> INSTRUCTIONS FOR THE TASK: Look for the line that contains "Some of the text"; output that line and every line after it exactly, through the final line of the material below, and nothing else.

========================================

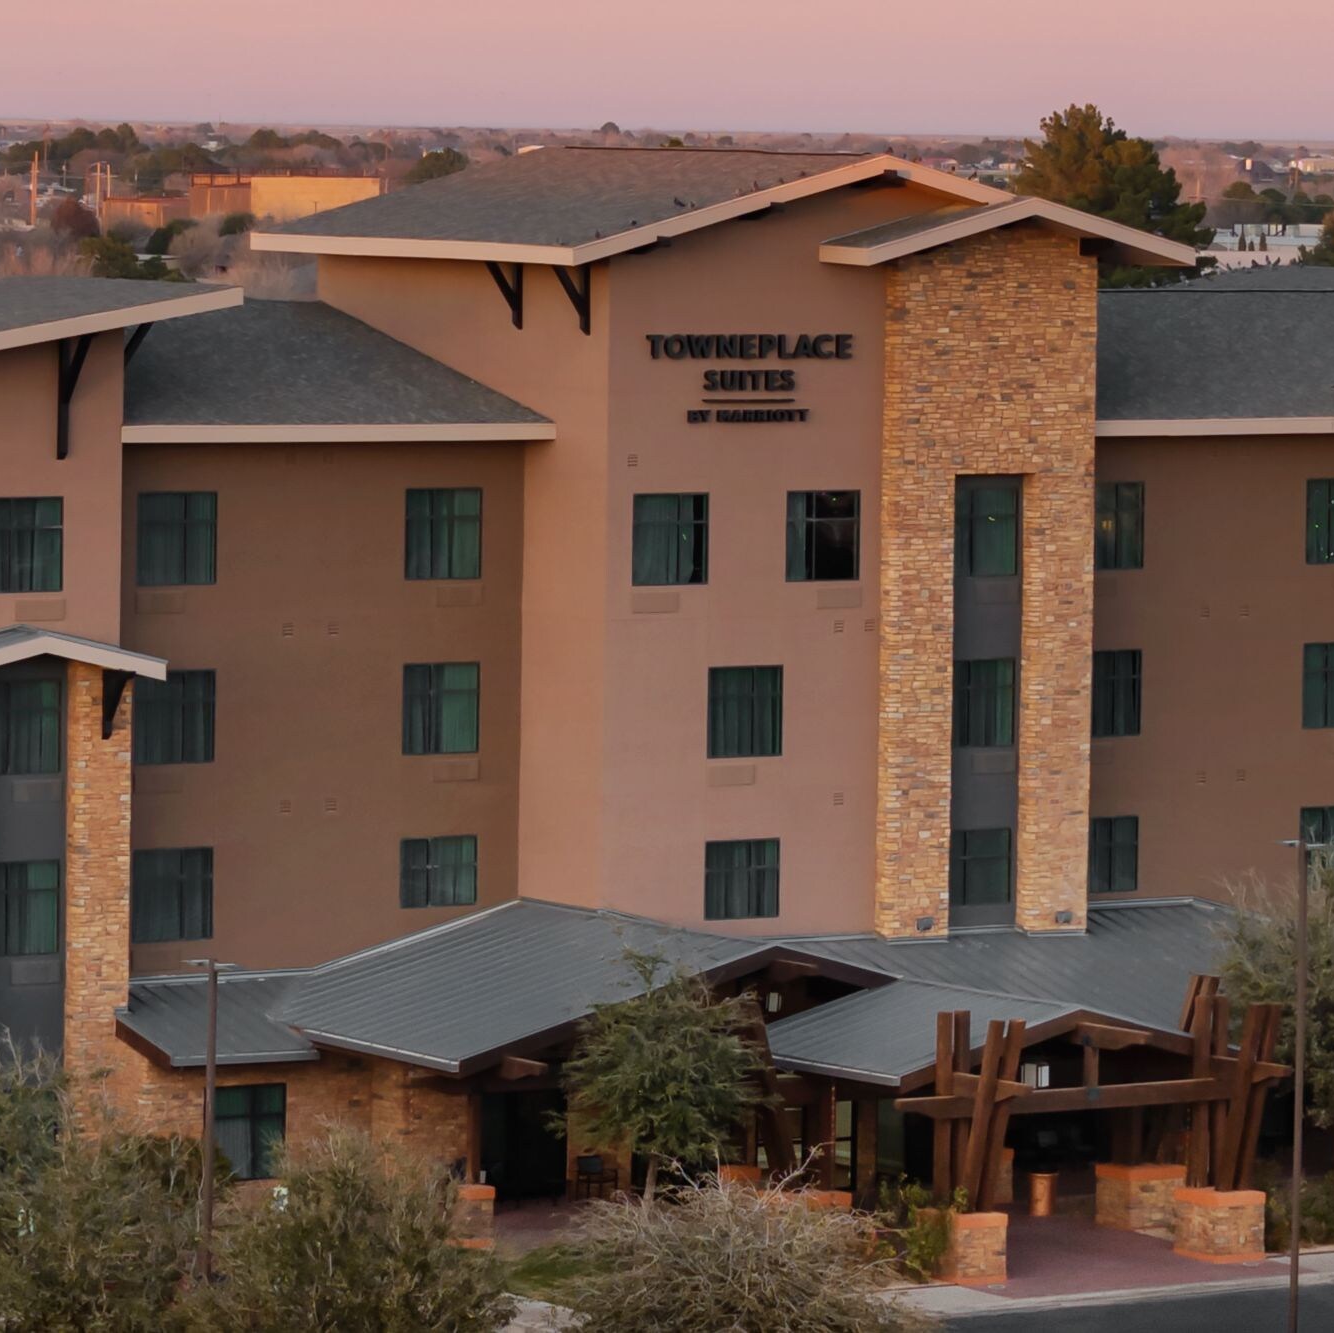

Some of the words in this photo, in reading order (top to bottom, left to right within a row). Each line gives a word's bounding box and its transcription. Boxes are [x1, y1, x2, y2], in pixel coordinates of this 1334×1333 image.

[646, 334, 853, 359] TOWNEPLACE
[703, 369, 796, 391] SUITES
[688, 409, 711, 423] BY
[716, 409, 809, 422] MARRIOTT
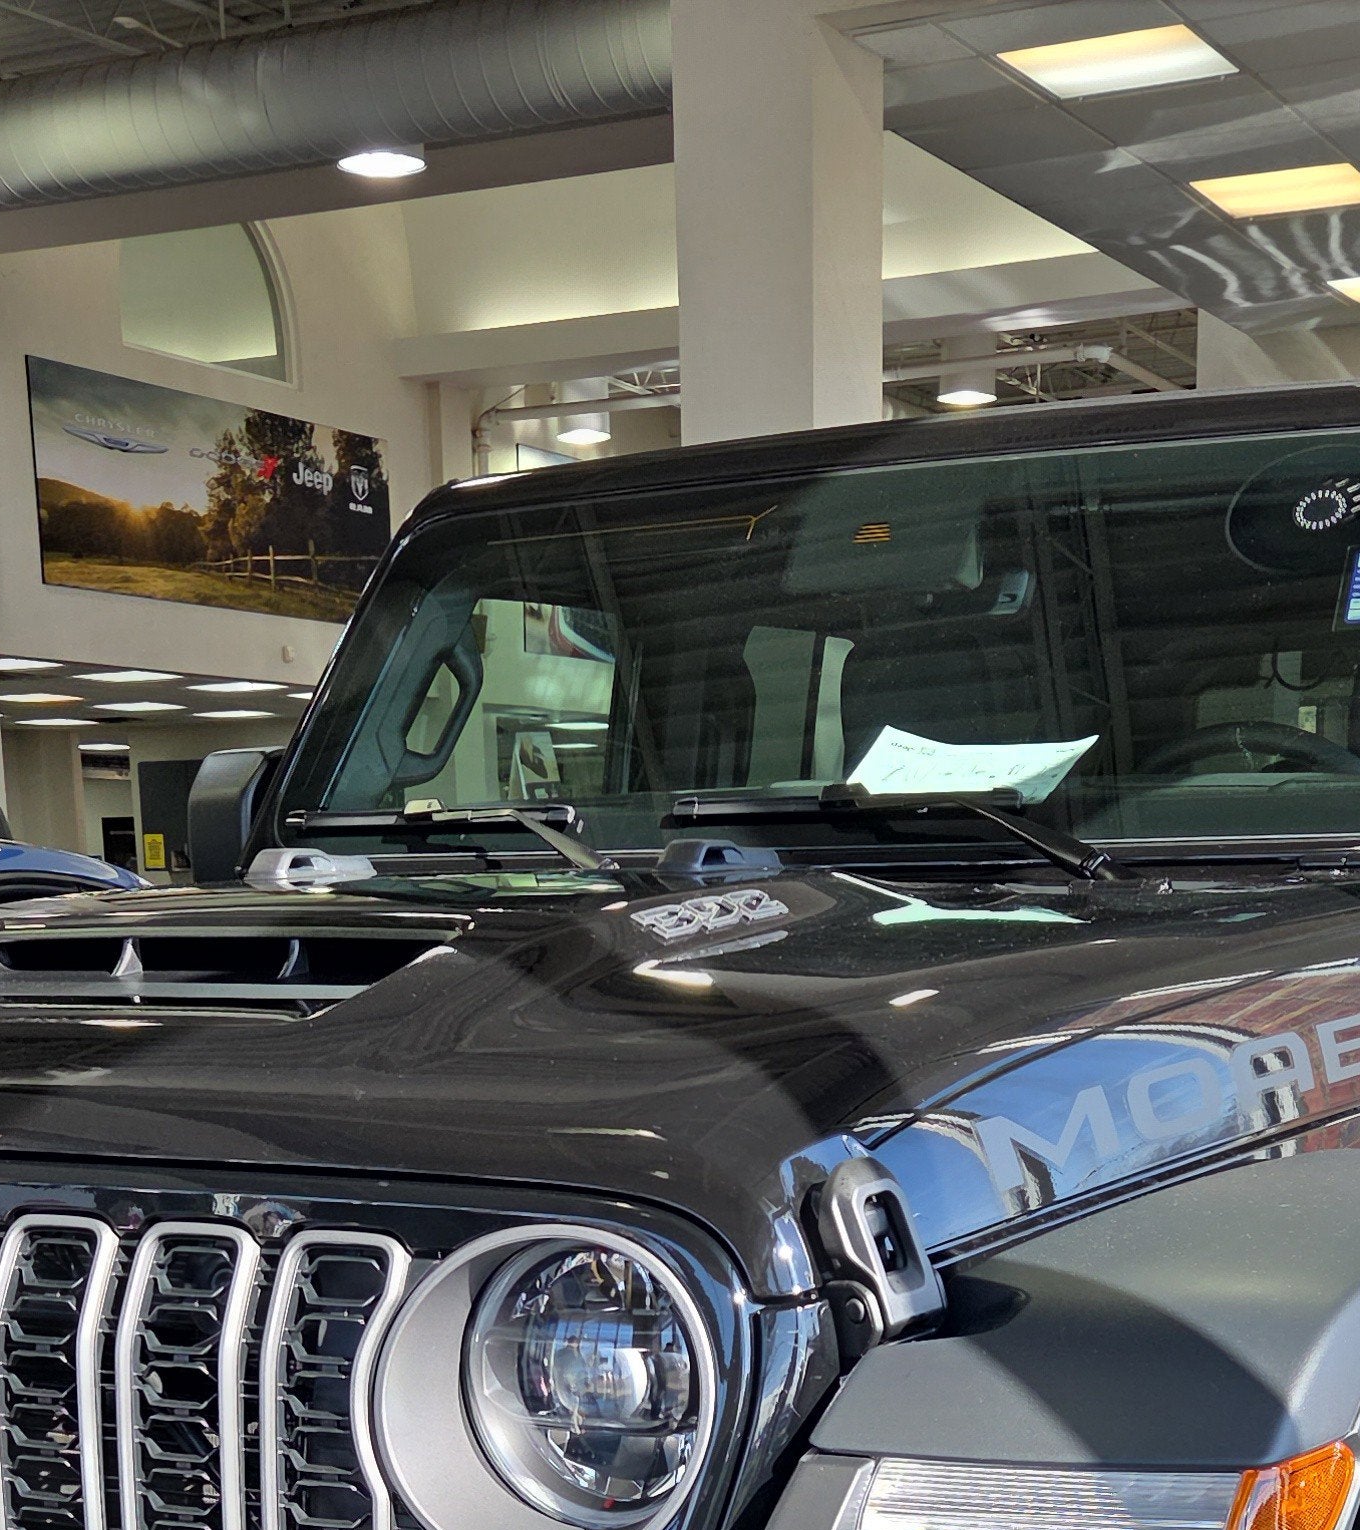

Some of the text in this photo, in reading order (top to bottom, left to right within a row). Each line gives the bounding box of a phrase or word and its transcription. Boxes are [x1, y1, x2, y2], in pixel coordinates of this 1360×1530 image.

[74, 412, 157, 438] CHRYSLER
[292, 461, 334, 496] Jeep
[348, 502, 374, 515] RAM

========================================

> TASK OUTPUT:
Some of the text in this photo, in reading order (top to bottom, left to right within a row). Each line gives the bounding box of a phrase or word and its transcription. Boxes are [x1, y1, x2, y2], in pixel coordinates of this 1360×1530 image.

[74, 412, 157, 438] CHRYSLER
[292, 461, 334, 496] Jeep
[348, 502, 374, 515] RAM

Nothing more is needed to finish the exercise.